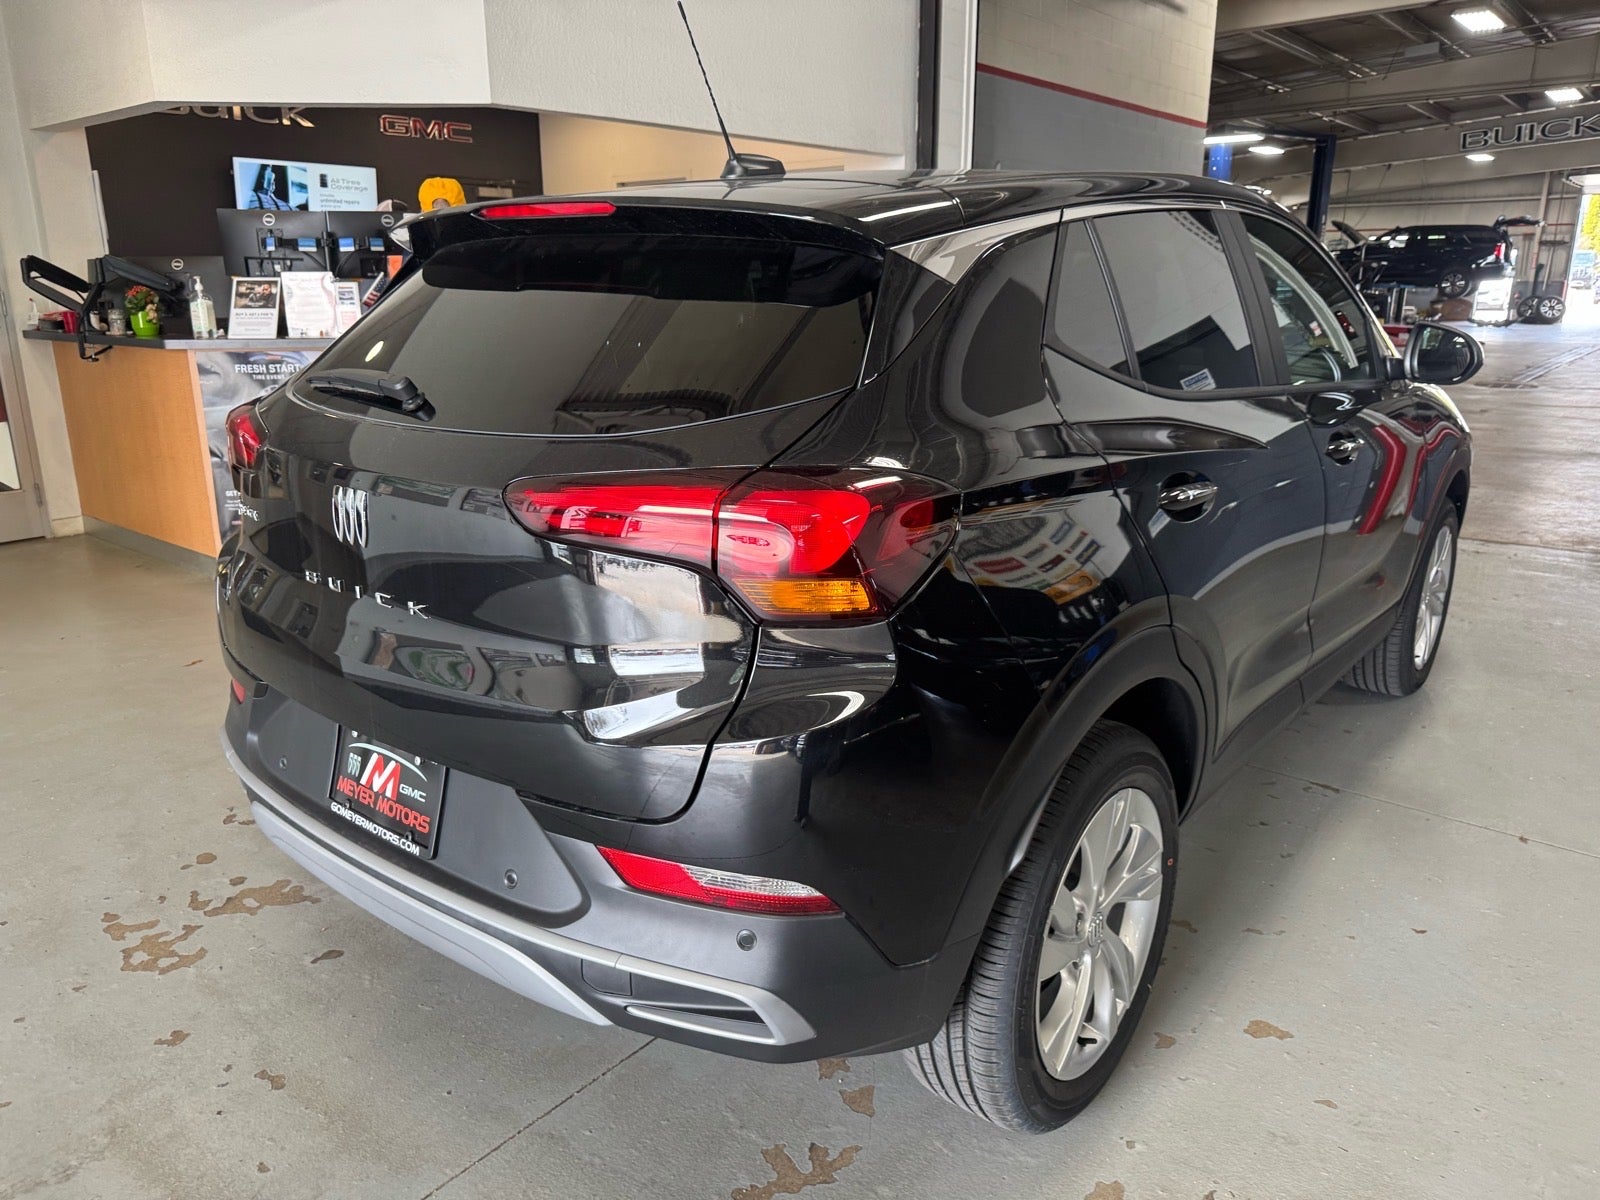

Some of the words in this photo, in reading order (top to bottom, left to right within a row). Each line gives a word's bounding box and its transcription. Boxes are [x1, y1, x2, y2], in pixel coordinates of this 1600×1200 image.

[379, 114, 473, 143] GMC
[1460, 113, 1600, 151] BUICK
[331, 183, 368, 193] Coverage
[341, 178, 361, 186] Tires
[235, 364, 267, 373] FRESH
[268, 363, 300, 373] START
[305, 569, 431, 621] BUICK
[336, 775, 376, 809] MEYER
[375, 795, 431, 834] MOTORS
[399, 783, 427, 803] GMC
[330, 801, 421, 857] GOMEYERMOTORS.COM

········

What is expected:
Output every entry exactly. Pictures stay out.

Exercise solution:
Some of the words in this photo, in reading order (top to bottom, left to right within a row). Each line gives a word's bounding box and its transcription. Boxes are [x1, y1, x2, y2], in pixel coordinates of this 1600×1200 image.

[379, 114, 473, 143] GMC
[1460, 113, 1600, 151] BUICK
[331, 183, 368, 193] Coverage
[341, 178, 361, 186] Tires
[235, 364, 267, 373] FRESH
[268, 363, 300, 373] START
[305, 569, 431, 621] BUICK
[336, 775, 376, 809] MEYER
[375, 795, 431, 834] MOTORS
[399, 783, 427, 803] GMC
[330, 801, 421, 857] GOMEYERMOTORS.COM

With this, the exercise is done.